I'm not in the article, only the photo.
I LOVE that they accepted my self-designated job title, "custodian of books."  I told them that was my title, when they asked. They seemed dubious, but they wrote it down and printed it in the caption.


What were they going to do?
Well, they could just have said, "staff member." 

The title Custodian actually comes from Marz––she first used it to describe my relationship to bears and dolls and toys.

The photographer seems to have used a fish-eye lens, which gives a weird wrap-around effect (I'm not quite that round!).
This photo cracks me up: 
it captures the sort of exchanges I have with Big Boss.
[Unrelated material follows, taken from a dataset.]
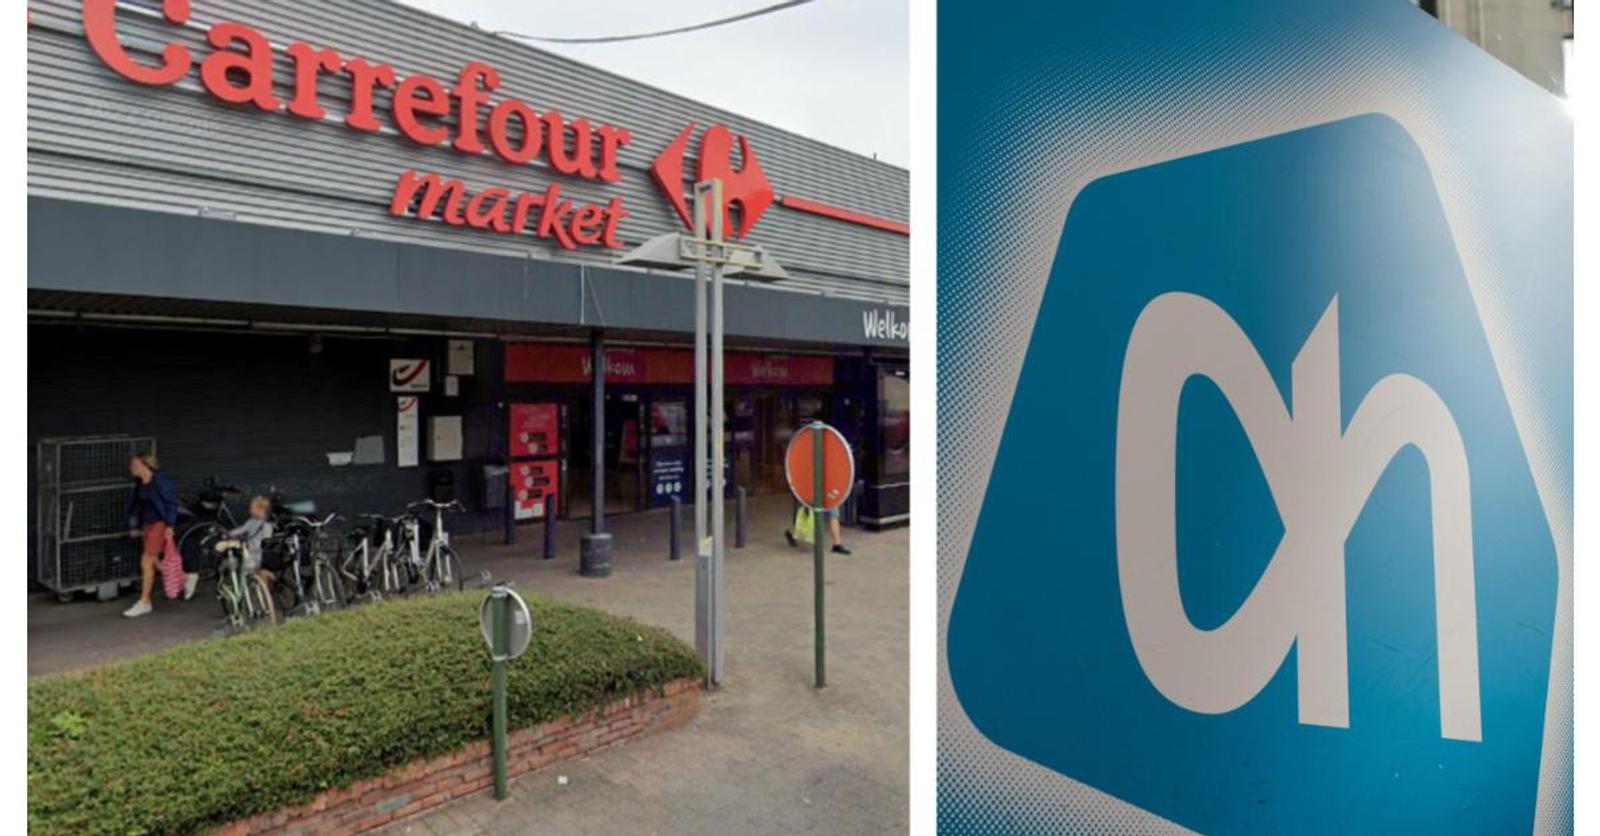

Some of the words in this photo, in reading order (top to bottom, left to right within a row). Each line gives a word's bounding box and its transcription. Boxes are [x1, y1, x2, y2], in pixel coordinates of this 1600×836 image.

[83, 0, 630, 183] Carrefour
[389, 168, 630, 250] market
[863, 309, 910, 339] Welko
I go bouncing into his office like Tigger, and he looks at me like, "What's she going on about now?"

Even his body language--hands held protectively across his stomach--like Gene Wilder in The Producers?
"Don't jump on me!"


What's happening in the Catholic Spirit photo is the two journalists happened to come through my books section with Boss, and being Tiggerish, I leapt into talking with them, and they said I should pose for a photo.
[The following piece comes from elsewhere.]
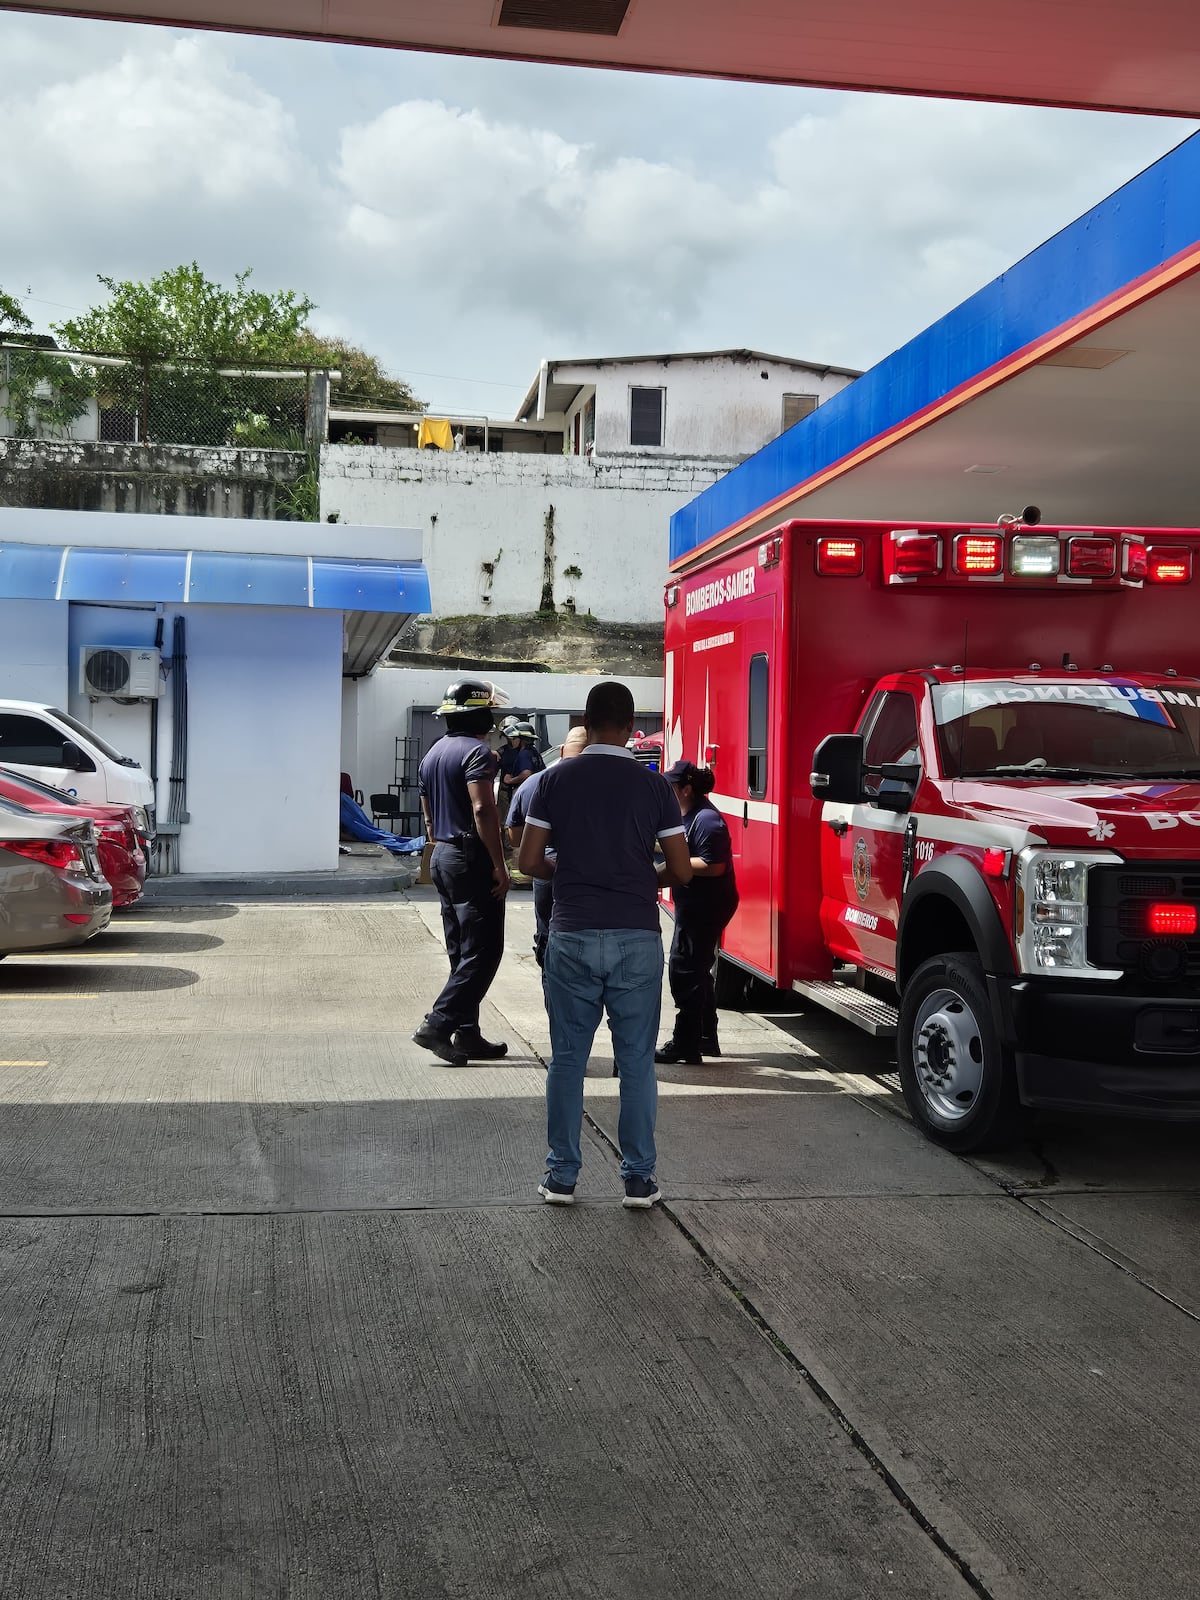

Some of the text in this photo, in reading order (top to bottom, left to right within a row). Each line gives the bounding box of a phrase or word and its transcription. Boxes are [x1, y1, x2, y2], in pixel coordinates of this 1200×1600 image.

[686, 566, 755, 616] BOMBEROS-SAMER
[915, 841, 934, 861] 1016
[845, 907, 879, 930] BOMBEROS
"Talk to each other," the photographer said.

I happened to be holding Henri Nouwen's Return of the Prodigal Son: A Story of Homecoming––HN's exploration of the Biblical story, based on his reactions to the Rembrandt painting.


Fun Fact: The scene at the end of the movie Solaris (Tarkovski, 1971) recreates this.

So, I was telling Big Boss about this book, gesturing, you can see, and saying he really might like to read it, since he likes opening up stories from scripture.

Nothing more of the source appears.